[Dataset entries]

—————

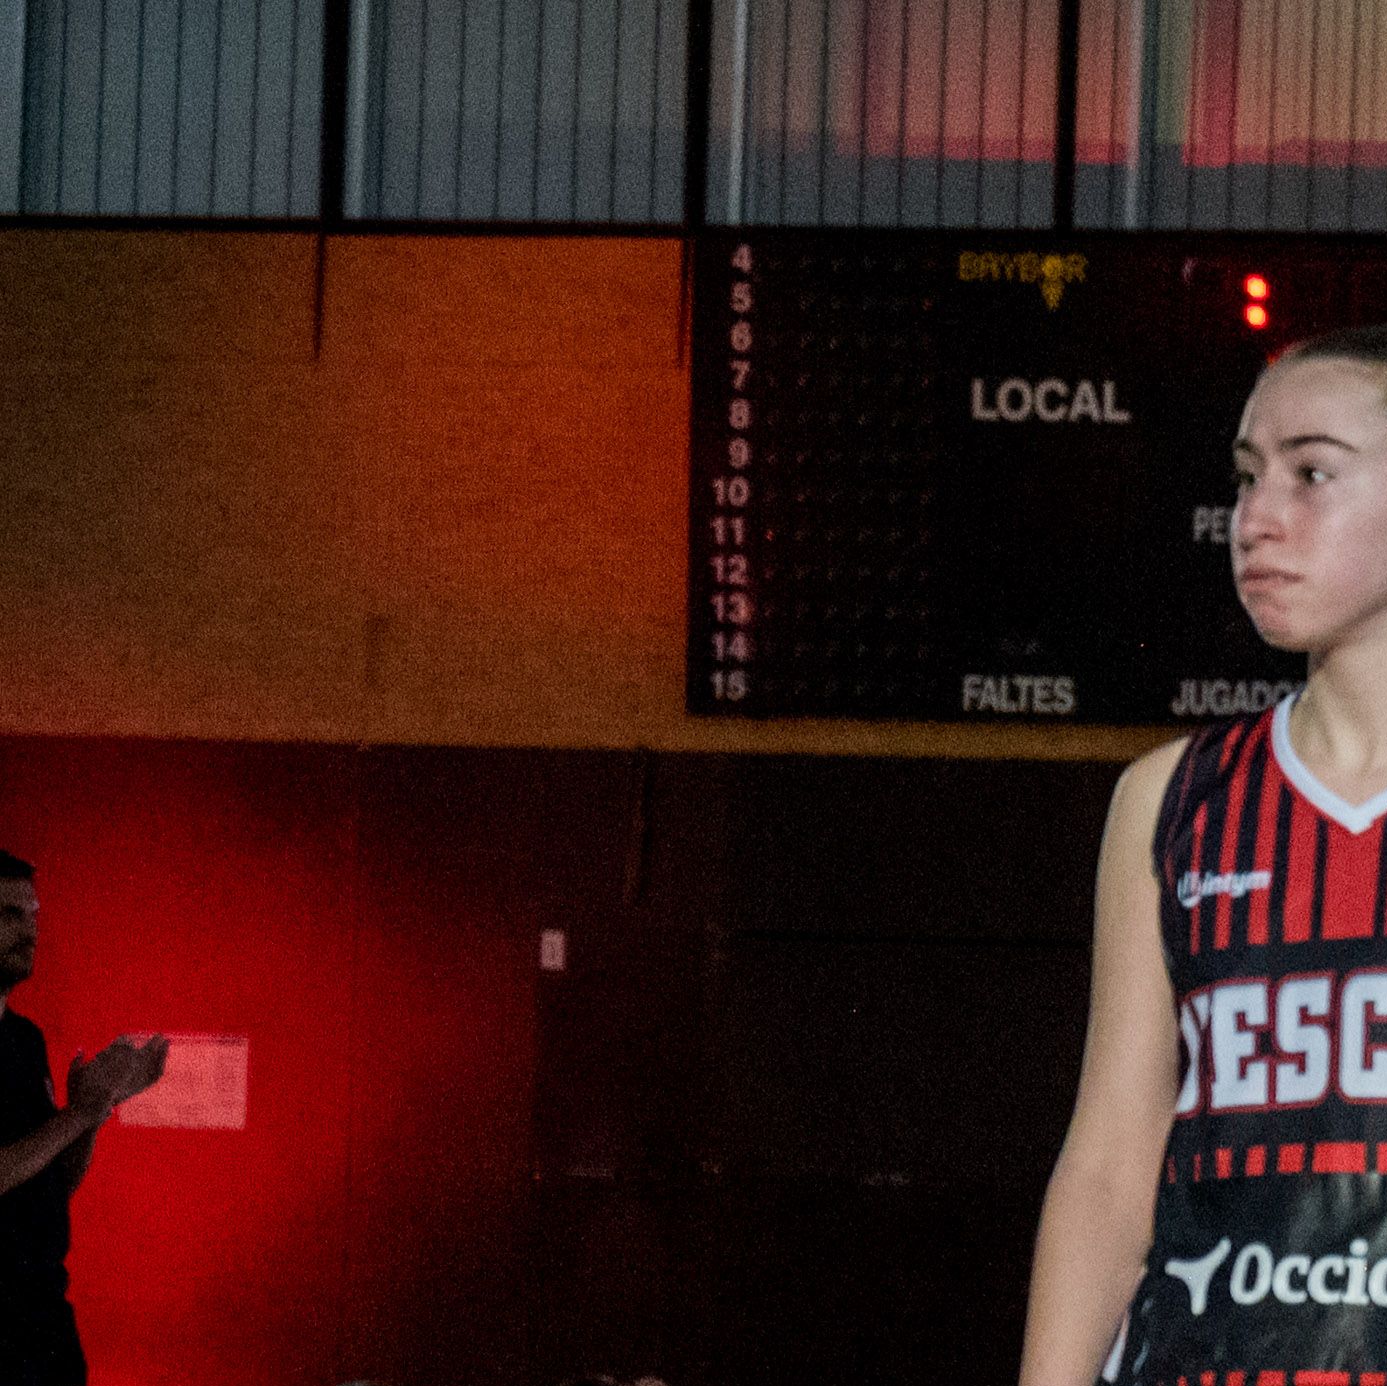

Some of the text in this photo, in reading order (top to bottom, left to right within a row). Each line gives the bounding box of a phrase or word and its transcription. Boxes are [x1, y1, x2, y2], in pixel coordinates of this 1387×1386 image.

[731, 244, 752, 272] 4
[730, 321, 751, 350] 6
[730, 361, 751, 390] 7
[729, 399, 750, 429] 8
[969, 377, 1131, 423] LOCAL
[729, 438, 749, 468] 9
[712, 476, 750, 508] 10
[711, 516, 746, 544] 11
[711, 554, 748, 585] 12
[711, 594, 750, 623] 13
[711, 631, 750, 661] 14
[711, 670, 748, 700] 15
[962, 673, 1076, 714] FALTES

—————

ACTION ITEM: Reproduce all of the records above exactly, but exclude the pictures.

RESULT OF THIS EXERCISE:
Some of the text in this photo, in reading order (top to bottom, left to right within a row). Each line gives the bounding box of a phrase or word and its transcription. Boxes are [x1, y1, x2, y2], in pixel coordinates of this 1387×1386 image.

[731, 244, 752, 272] 4
[730, 321, 751, 350] 6
[730, 361, 751, 390] 7
[729, 399, 750, 429] 8
[969, 377, 1131, 423] LOCAL
[729, 438, 749, 468] 9
[712, 476, 750, 508] 10
[711, 516, 746, 544] 11
[711, 554, 748, 585] 12
[711, 594, 750, 623] 13
[711, 631, 750, 661] 14
[711, 670, 748, 700] 15
[962, 673, 1076, 714] FALTES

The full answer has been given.